Monday, June 3, 2019

Fools


Fools

My favorite book of the Bible is Proverbs. I read one chapter each morning. Since there are thirty-one chapters, I read the whole book each month. I read the rest of the Bible on a regular basis, but Proverbs is the one I hang around most. Why? Because it speaks to the practical issues of everyday life.

The theme of Proverbs is the skill of down to earth living. The prayer Jesus taught his disciples included the phrase “on earth as in heaven.” Early on in my walk with the Lord I realized that I wasn’t a disembodied spirit but flesh and blood who needed lots of counsel on how to live. That’s what Proverbs does.

Proverbs distinguishes between a wise person and a fool. Simply said a wise person follows after God and a fool walks away from God. The dictionary definition of a fool is one who lacks good sense or judgement. The Bible defines a fool as one who is stupid, has no common sense or is just plain silly. Not the kind of role model that lends itself to maturity.

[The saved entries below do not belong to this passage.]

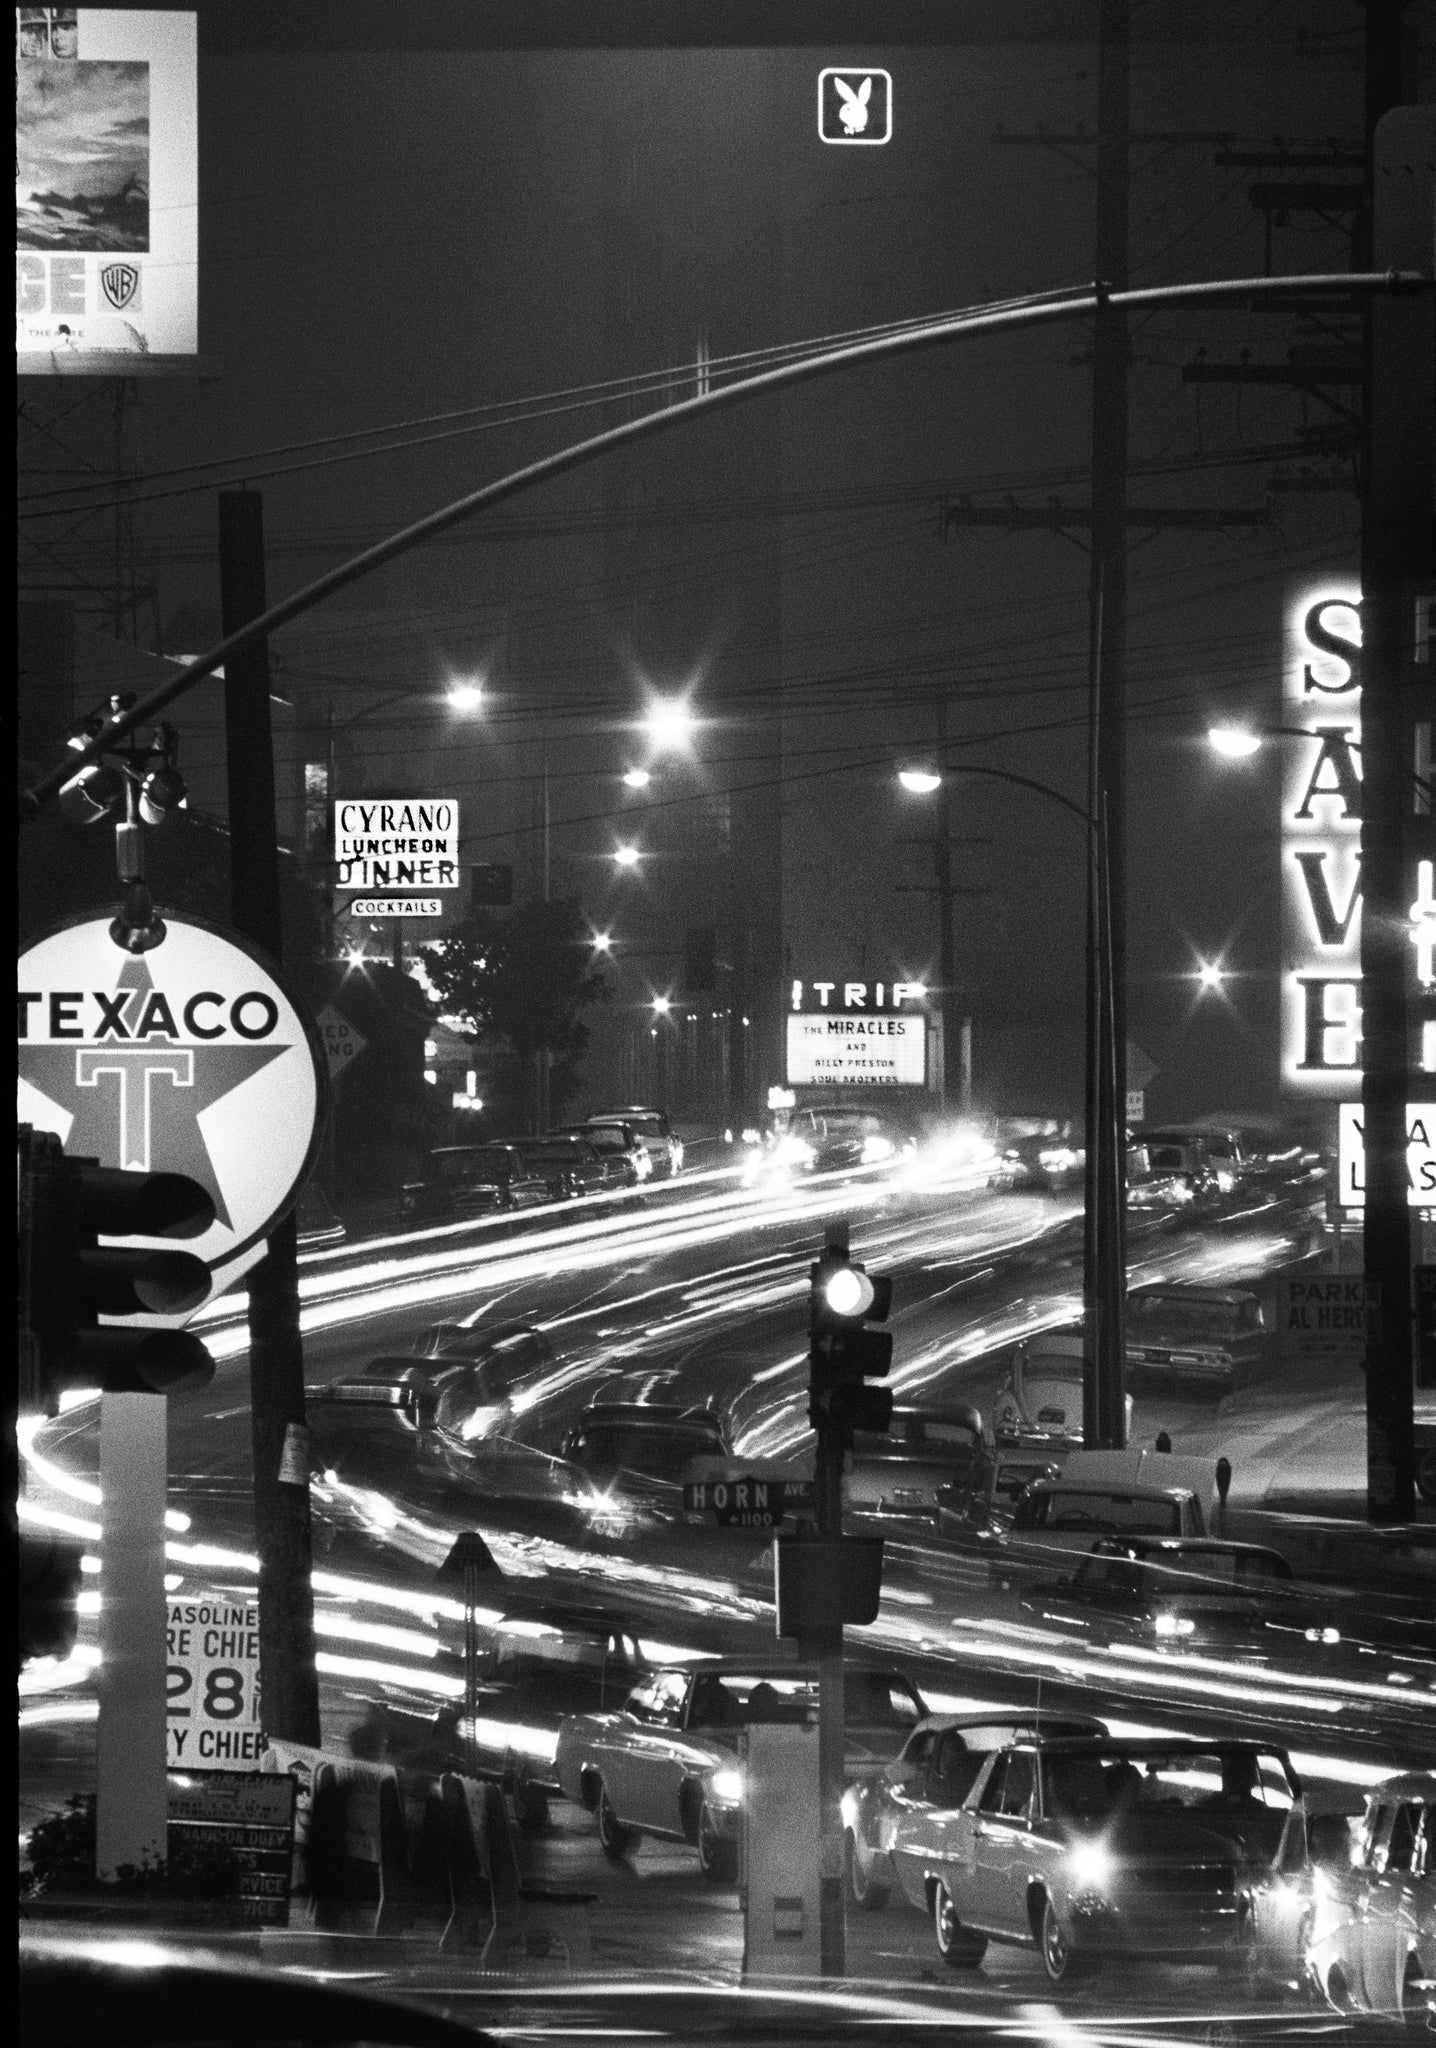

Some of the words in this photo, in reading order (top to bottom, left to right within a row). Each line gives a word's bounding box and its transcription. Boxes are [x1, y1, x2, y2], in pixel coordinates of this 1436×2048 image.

[341, 805, 452, 833] CYRANO
[342, 839, 448, 855] LUNCHEON
[337, 860, 455, 885] DINNER
[355, 902, 438, 913] COCKTAILS
[813, 982, 922, 1007] TRIP
[18, 991, 279, 1040] TEXACO
[827, 1021, 906, 1036] MIRACLES
[846, 1043, 867, 1051] AND
[847, 1060, 895, 1068] PRESTON
[692, 1484, 768, 1509] HORN
[742, 1512, 773, 1527] 1100
[166, 1606, 257, 1626] ASOLINE
[248, 1830, 286, 1847] DUTY
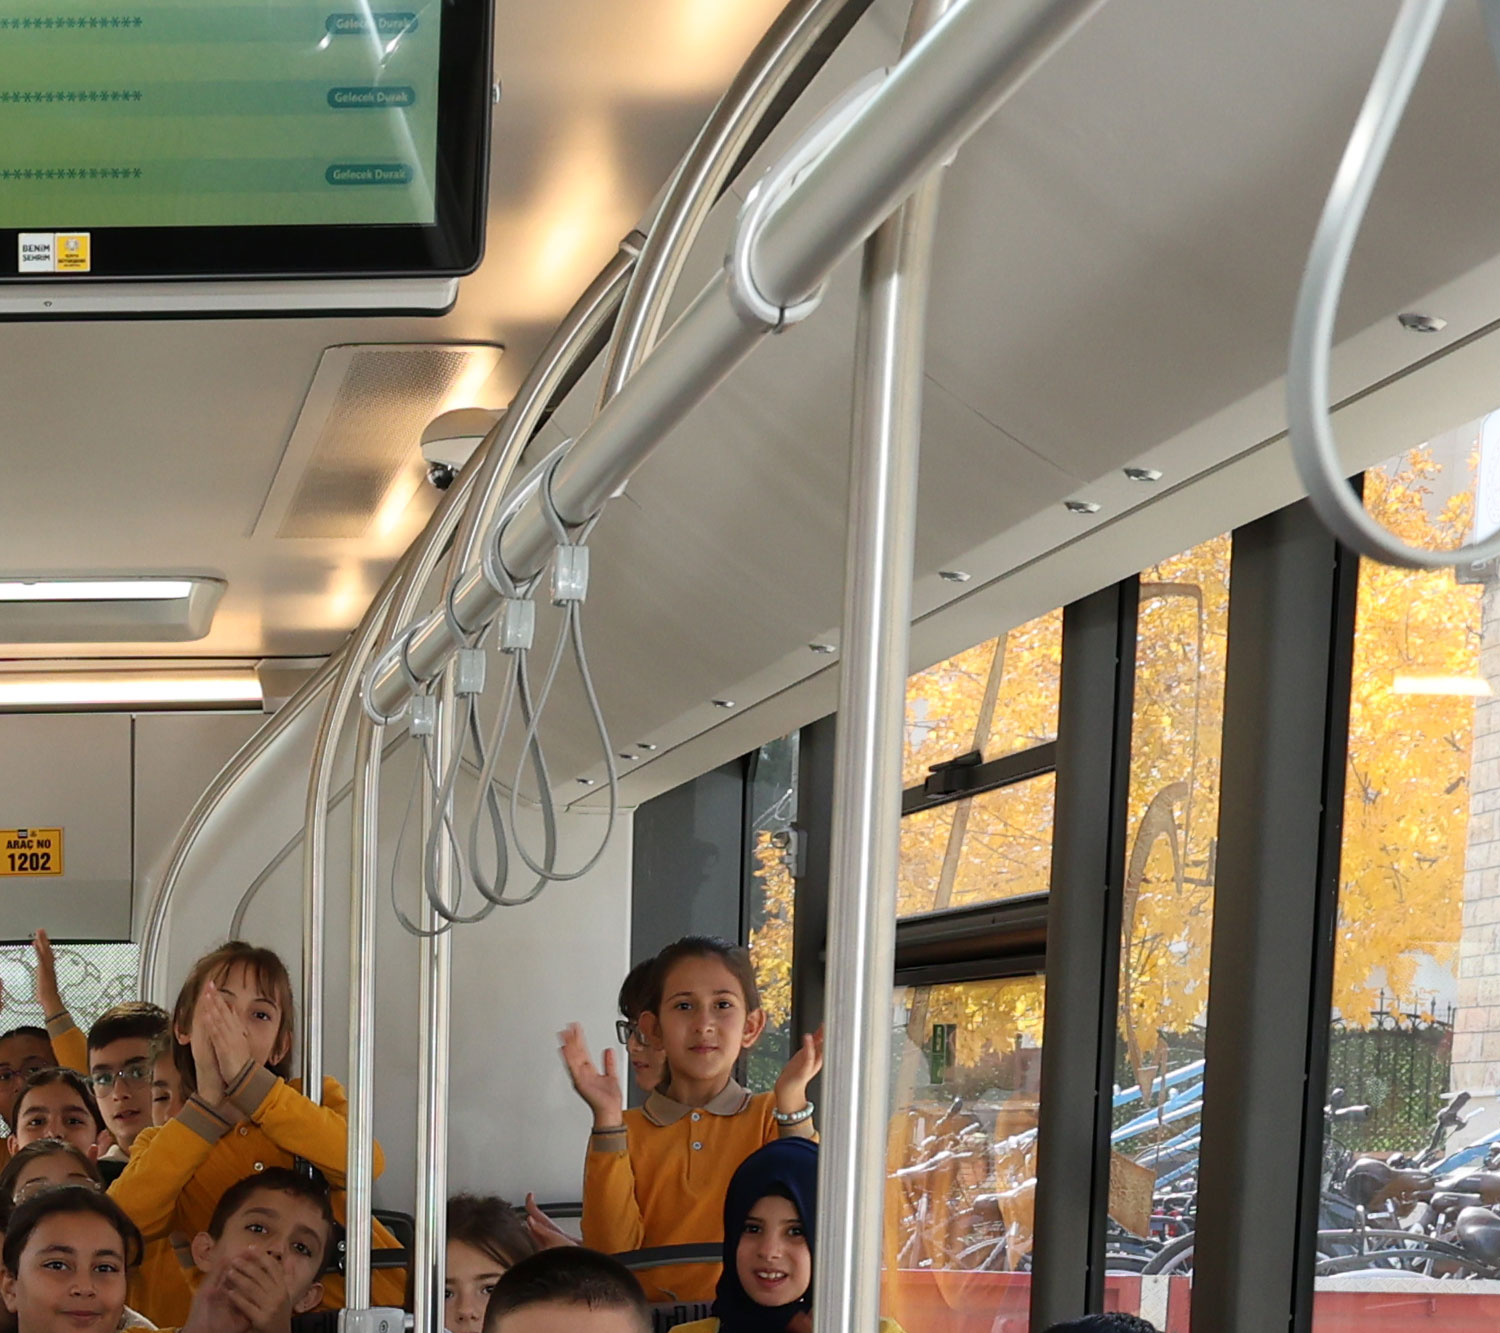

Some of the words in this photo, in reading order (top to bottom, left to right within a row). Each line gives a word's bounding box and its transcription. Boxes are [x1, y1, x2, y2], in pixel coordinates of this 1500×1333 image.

[335, 92, 374, 103] Gelecek
[377, 92, 408, 103] Durak
[333, 169, 372, 180] Gelecek
[375, 169, 405, 180] Durak
[6, 839, 33, 850] ARAÇ
[36, 839, 51, 849] NO
[7, 852, 51, 871] 1202
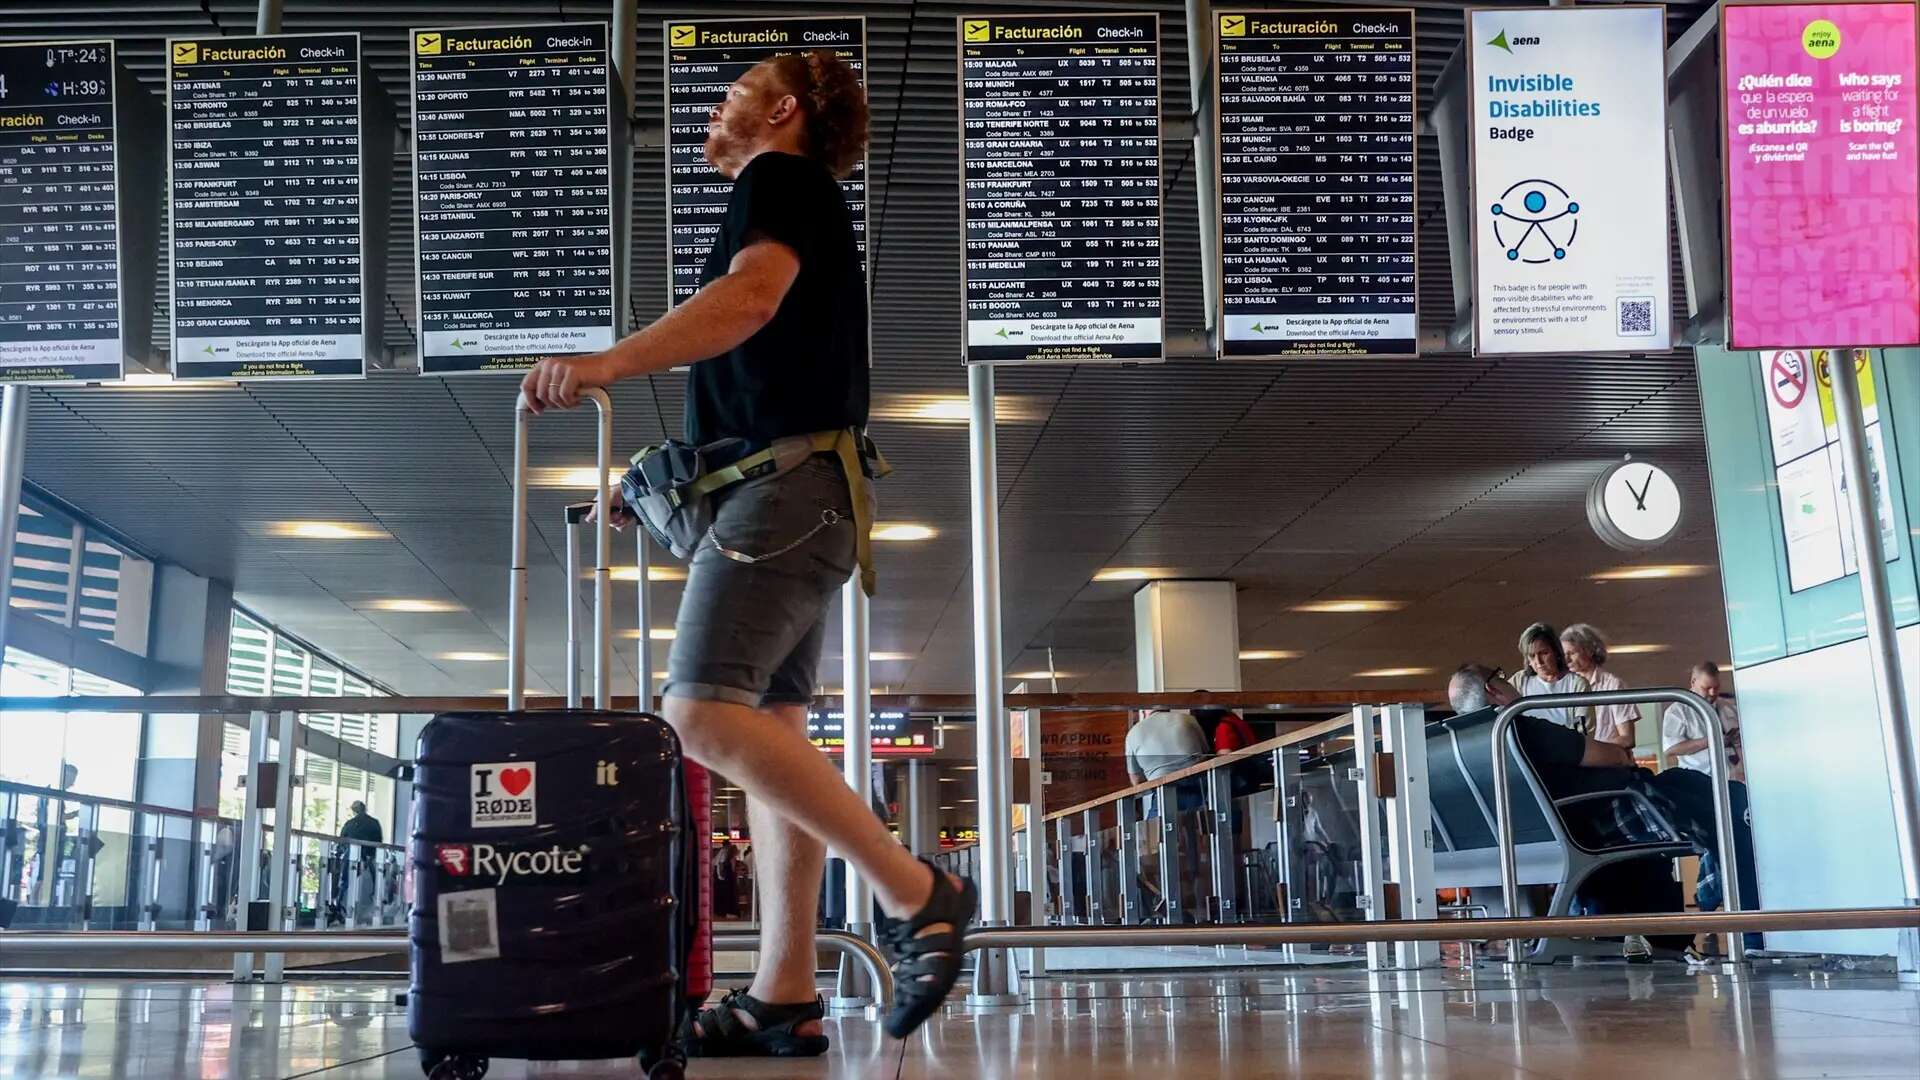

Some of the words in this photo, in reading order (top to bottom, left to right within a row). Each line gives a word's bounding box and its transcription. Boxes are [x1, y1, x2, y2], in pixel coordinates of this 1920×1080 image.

Here are several verses from Proverbs that describes a fool:

Start with God, the first step in learning is bowing down to God; only fools thumb their noses at such wisdom and learning.
Fools are headstrong and do what they like; wise people take advise.
Become wise by walking with the wise; hang out with fools and watch your life fall to pieces.
Knowledge flows like spring water from the wise; fools are leaky faucets, dripping nonsense.
The perceptive find wisdom in their own front yard; fools look for it everywhere but right here.

AND MY FAVORITE: As a dog eats its own vomit, so fools recycle silliness.

I have been called a lot of things but never a fool. I think that has to do with a daily dose of Proverbs. Try it, you’ll like it.